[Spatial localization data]
◇ ◇ ◇ ◇ ◇

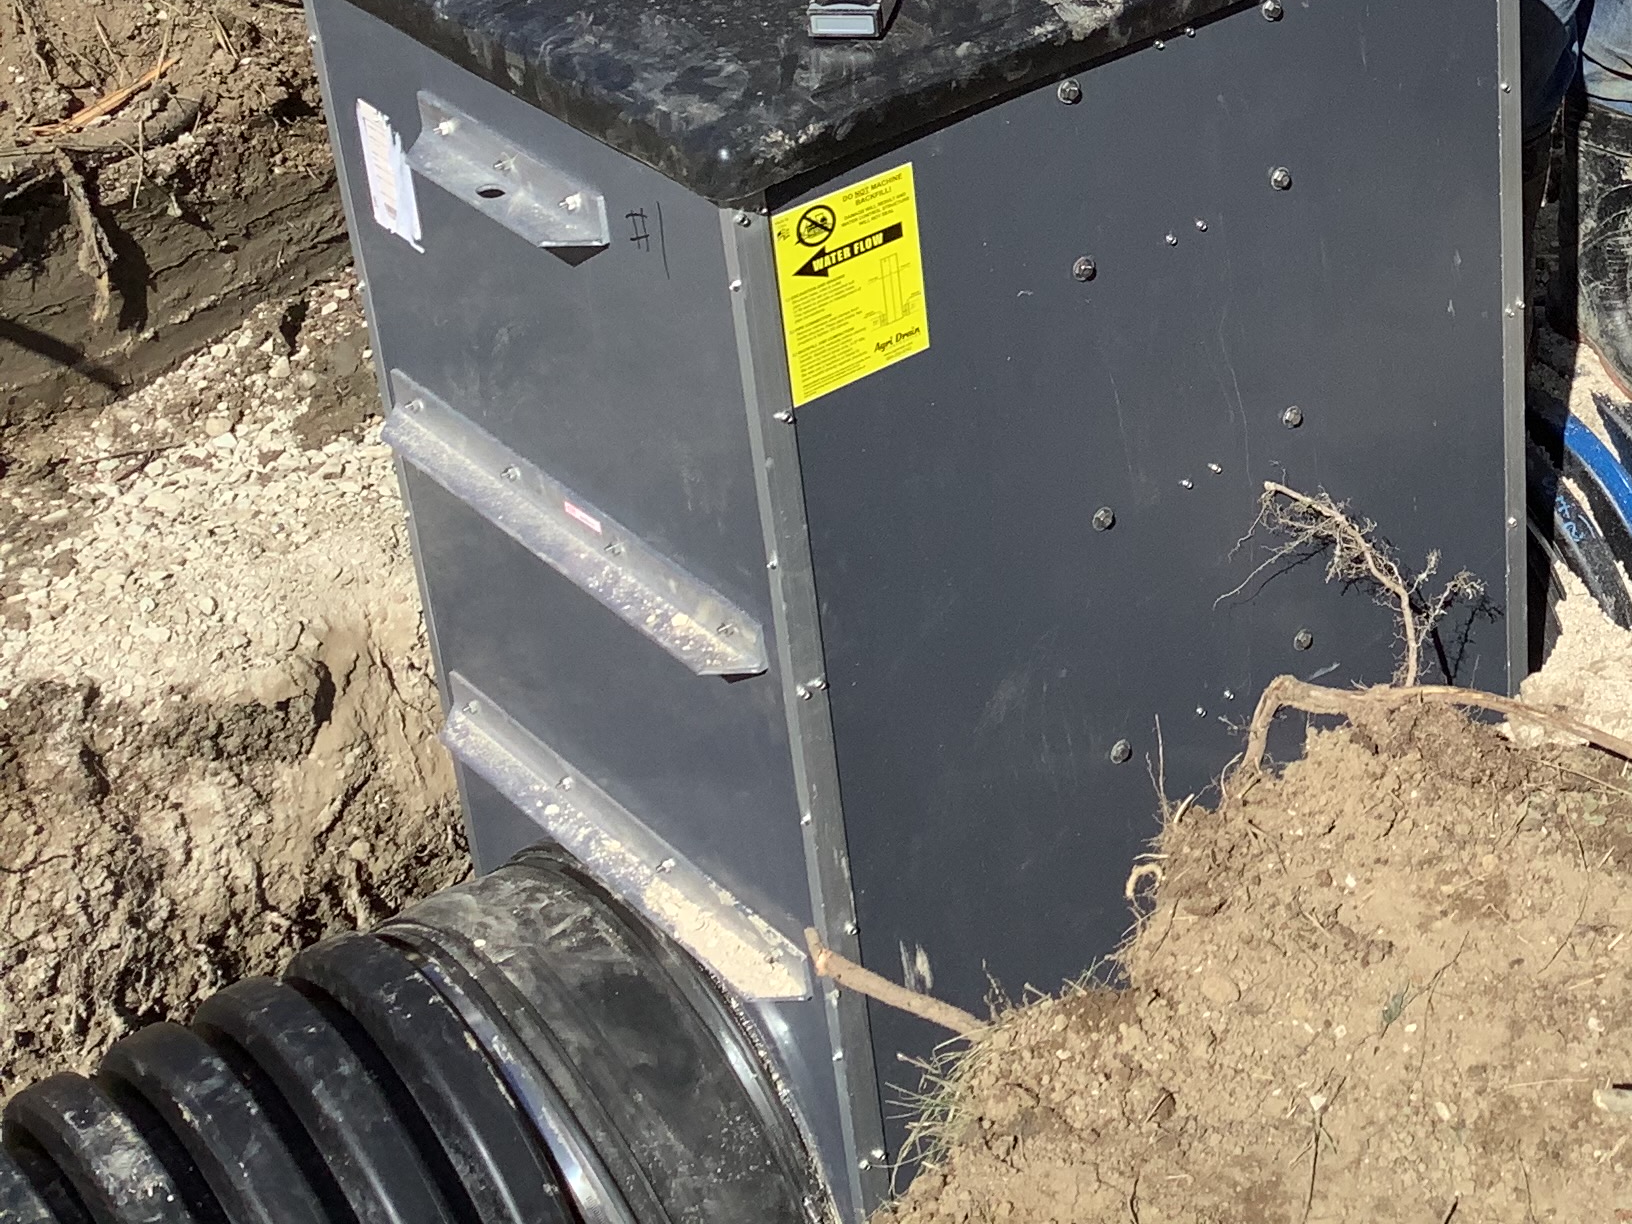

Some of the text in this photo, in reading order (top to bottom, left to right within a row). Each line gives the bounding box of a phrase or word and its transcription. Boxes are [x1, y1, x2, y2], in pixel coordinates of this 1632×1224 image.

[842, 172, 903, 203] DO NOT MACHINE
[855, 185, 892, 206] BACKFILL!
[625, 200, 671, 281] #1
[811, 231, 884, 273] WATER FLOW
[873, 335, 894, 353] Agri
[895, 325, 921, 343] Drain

◇ ◇ ◇ ◇ ◇

*EXERCISE DETAILS*.
All entries must be output exactly as they stand, and every picture must be left out.

*RESPONSE FOR THIS EXERCISE*.
Some of the text in this photo, in reading order (top to bottom, left to right within a row). Each line gives the bounding box of a phrase or word and its transcription. Boxes are [x1, y1, x2, y2], in pixel coordinates of this 1632×1224 image.

[842, 172, 903, 203] DO NOT MACHINE
[855, 185, 892, 206] BACKFILL!
[625, 200, 671, 281] #1
[811, 231, 884, 273] WATER FLOW
[873, 335, 894, 353] Agri
[895, 325, 921, 343] Drain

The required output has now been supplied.